A Associação dos Advogados (AASP), diante da grave crise de confiança e credibilidade que, neste momento, contamina o sistema de Justiça do Brasil, está mobilizada, por intermédio de seus órgãos dirigentes, para, a partir de diagnóstico completo da situação, apresentar análise crítica e oferecer sugestões que possam enfrentar os fatos e ainda minimizar suas consequências. Não se trata de preocupação periférica. Quando a mais alta corte do País passa a ser cercada por dúvidas, o problema deixa de ser reputacional e assume a dramática dimensão institucional, com reflexos sobre a legitimidade das decisões judiciais e a própria estabilidade do ambiente democrático.

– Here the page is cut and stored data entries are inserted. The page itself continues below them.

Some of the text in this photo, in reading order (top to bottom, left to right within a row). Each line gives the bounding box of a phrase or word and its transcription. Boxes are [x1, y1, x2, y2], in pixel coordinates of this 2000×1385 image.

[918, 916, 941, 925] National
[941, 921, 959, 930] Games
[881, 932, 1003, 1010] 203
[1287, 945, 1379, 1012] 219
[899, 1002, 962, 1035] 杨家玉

Os riscos decorrentes da instabilidade que se estabeleceu na alta cúpula do Poder Judiciário, de modo a afetar a manutenção do equilíbrio institucional e, assim, da própria democracia, são inúmeros. Por tais razões, torna-se imperiosa a mobilização da sociedade civil, com serenidade e lucidez, mas também com desassombro, no sentido de adotar as providências cabíveis para que a crise não se alastre nem se torne irreversível.
O diálogo franco e objetivo, além da total transparência sobre fatos já conhecidos, mediante os esclarecimentos devidos, apontam o caminho a ser trilhado por todos aqueles que querem preservar a democracia, a liberdade, a harmonia em sociedade e a higidez dos Poderes constituídos. Debates sobre ética, governança, impedimento e padrões de conduta não enfraquecem o Judiciário; ao contrário, são instrumentos legítimos de seu aperfeiçoamento.

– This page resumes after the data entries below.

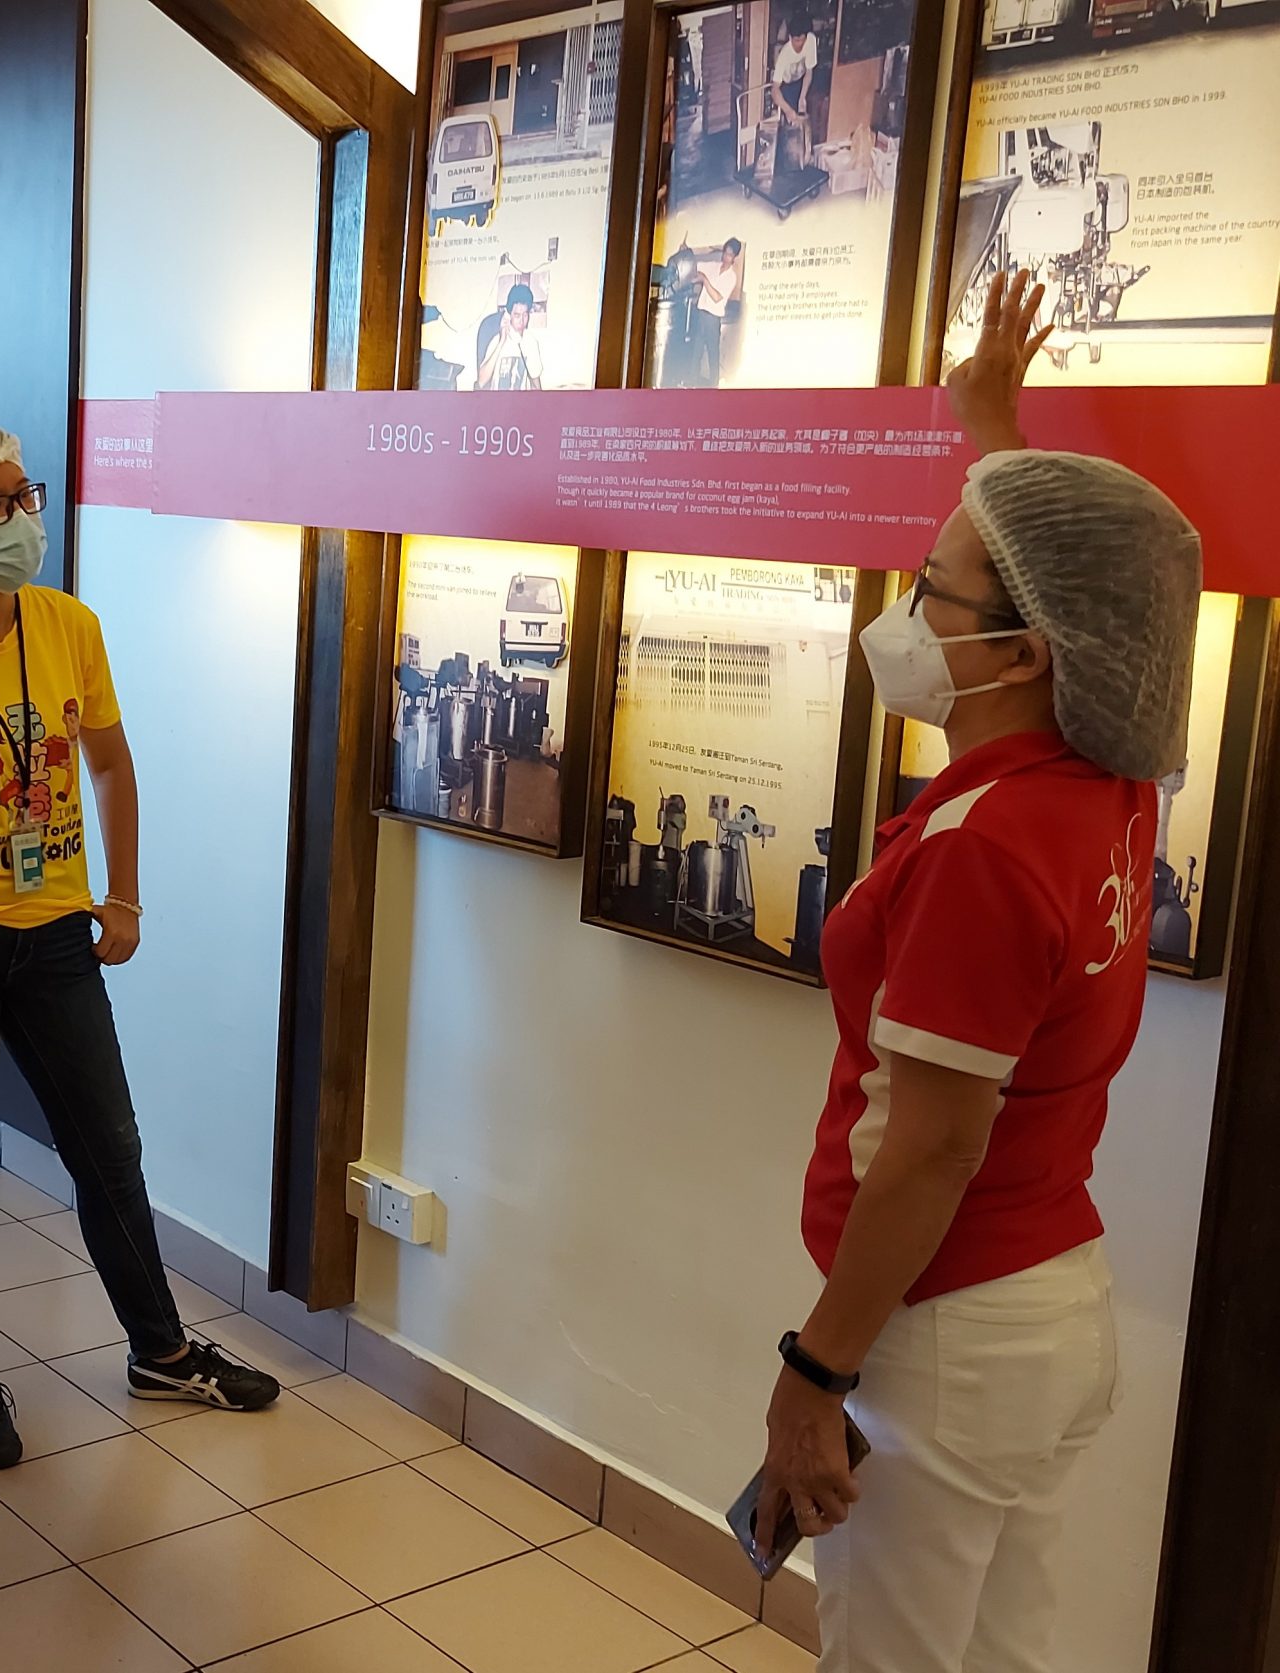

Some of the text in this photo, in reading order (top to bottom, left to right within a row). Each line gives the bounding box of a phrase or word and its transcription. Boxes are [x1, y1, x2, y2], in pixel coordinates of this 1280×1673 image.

[999, 92, 1019, 102] FOOD
[1021, 86, 1064, 100] INDUSTRIES
[997, 114, 1026, 126] officially
[1028, 111, 1057, 122] became
[1059, 108, 1079, 119] YU-AI
[1081, 106, 1102, 116] FOOD
[1105, 99, 1151, 113] INDUSTRIES
[1192, 94, 1200, 103] in
[1134, 211, 1209, 224] YU-AI imported the
[1132, 227, 1148, 236] first
[1150, 225, 1180, 236] packing
[1182, 222, 1216, 232] machine
[1219, 221, 1228, 231] of
[1231, 220, 1244, 230] the
[1130, 239, 1149, 248] from
[1150, 238, 1172, 248] Japan
[1174, 237, 1182, 246] in
[1184, 236, 1198, 246] the
[1200, 236, 1222, 245] same
[366, 424, 435, 454] 1980s
[458, 426, 535, 458] 1990s
[558, 474, 592, 484] Established
[593, 476, 599, 484] in
[621, 477, 639, 486] YU-AI
[640, 477, 656, 487] Food
[657, 478, 690, 488] Industries
[724, 480, 740, 490] first
[741, 481, 762, 492] began
[764, 483, 773, 492] as
[774, 484, 780, 492] a
[782, 482, 798, 492] food
[800, 483, 822, 495] filling
[558, 486, 579, 496] Though
[586, 488, 608, 498] quickly
[610, 488, 634, 498] became
[640, 490, 664, 500] popular
[666, 490, 684, 500] brand
[686, 491, 696, 500] for
[698, 492, 726, 502] coconut
[727, 495, 740, 504] egg
[741, 494, 754, 504] jam
[588, 499, 603, 508] until
[624, 500, 636, 510] that
[638, 502, 649, 510] the
[651, 502, 655, 510] 4
[690, 504, 720, 514] brothers
[721, 506, 737, 516] took
[740, 506, 752, 516] the
[787, 510, 795, 518] to
[797, 510, 824, 520] expand
[826, 511, 848, 520] YU-AI
[850, 512, 866, 522] into
[868, 514, 872, 522] a
[874, 515, 900, 524] newer
[730, 568, 805, 586] PEMBORONG KAYA
[722, 587, 764, 601] TRADING
[649, 759, 664, 767] YU-AI
[664, 762, 682, 771] moved
[683, 764, 689, 773] to
[690, 766, 707, 776] Taman
[708, 769, 716, 778] Sri
[716, 770, 738, 783] Serdang

À luz dos fatos, torna-se essencial resguardar a integridade das instituições, promovendo, quando necessário, ajustes de trajetória que garantam a plena observância das funções constitucionais dos Poderes da República. Nesse arranjo, compete aos órgãos de controle e fiscalização – a exemplo do Senado Federal e da Procuradoria-Geral da República – conduzir, com rigor técnico e autonomia, os processos de apuração e eventual responsabilização.
A magistrada e o magistrado têm compromisso inafastável com a isenção e a imparcialidade, mantendo, sempre, a imprescindível equidistância das partes. Ao aplicar o Direito, seu comportamento deve mantê-los imunes a influências inclusive da opinião pública e da mídia; devem contar apenas com sua convicção, haurida do exame do caso a ser julgado, em consonância com a lei e demais fontes do Direito.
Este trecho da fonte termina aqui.